Is restarting cri-containerd after configuring container networking required?

[tkellen]

First, thank you for cri-containerd. I've been using it a lot lately and it works wonderfully!

I'm experiencing an issue related to bootstrapping a cluster that I am hoping you all can help with.

If I don't restart cri-containerd after deploying my container networking pods, any pod not connected to the host network fails to start.

I have a full example process, including the cri-containerd restart documented here:
https://github.com/tkellen/kwm#first-time-user-guide

If you skip the cri-containerd restart step you'll see that kube-dns (or any other pod not connected to the host network) fails to start with the error "Failed create pod sandbox". As soon as you restart cri-containerd, the issue resolves itself. Is this expected? If not, can you help me understand what the correct process for this would be?

Thanks so much!

[tkellen]

I've posted this over on the kube-router repo because I'm unclear if this is an issue with cri-containerd or kube-router (or neither, maybe it's just me!).
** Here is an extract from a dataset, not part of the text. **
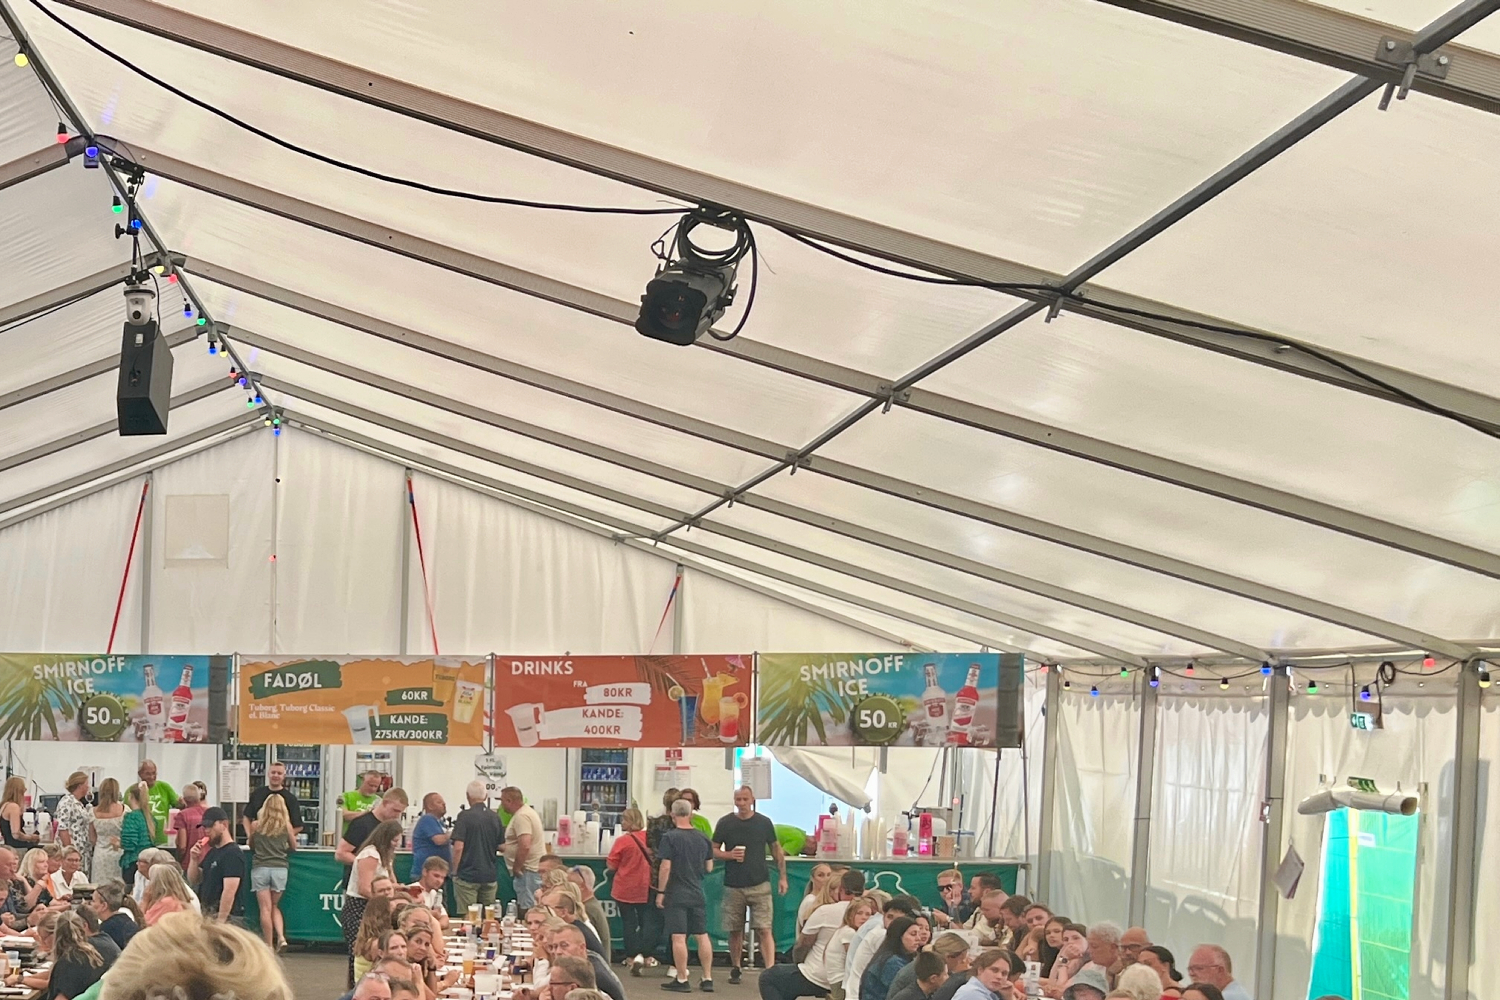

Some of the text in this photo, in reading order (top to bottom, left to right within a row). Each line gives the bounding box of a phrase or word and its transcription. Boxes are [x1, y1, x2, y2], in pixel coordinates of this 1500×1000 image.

Here's the link:
cloudnativelabs/kube-router#286

[mikebrow]

CNI config is static, and maybe you are configuring it late in the process thus requiring a reboot to load the newly changed config? @Random-Liu wdyt

[tkellen]

Yes, when kube-router starts it alters the configuration in /etc/cni/net.d/10-kuberouter on each node to take on the correct CIDR.

[Random-Liu]

Based on the code, CNI should be updated with latest configure. If it doesn't work, it might be a bug.
However, @tkellen will you change CIDR when there are already non-hostnetwork pods running? Won't that confuse CNI?

[tkellen]

@Random-Liu This is a weird state I am encountering during cluster bootstrapping only. I do not intend to change the CIDR during the course of normal operation. My intent is to make sure things are configured correctly before I start any (non-network-host) pods.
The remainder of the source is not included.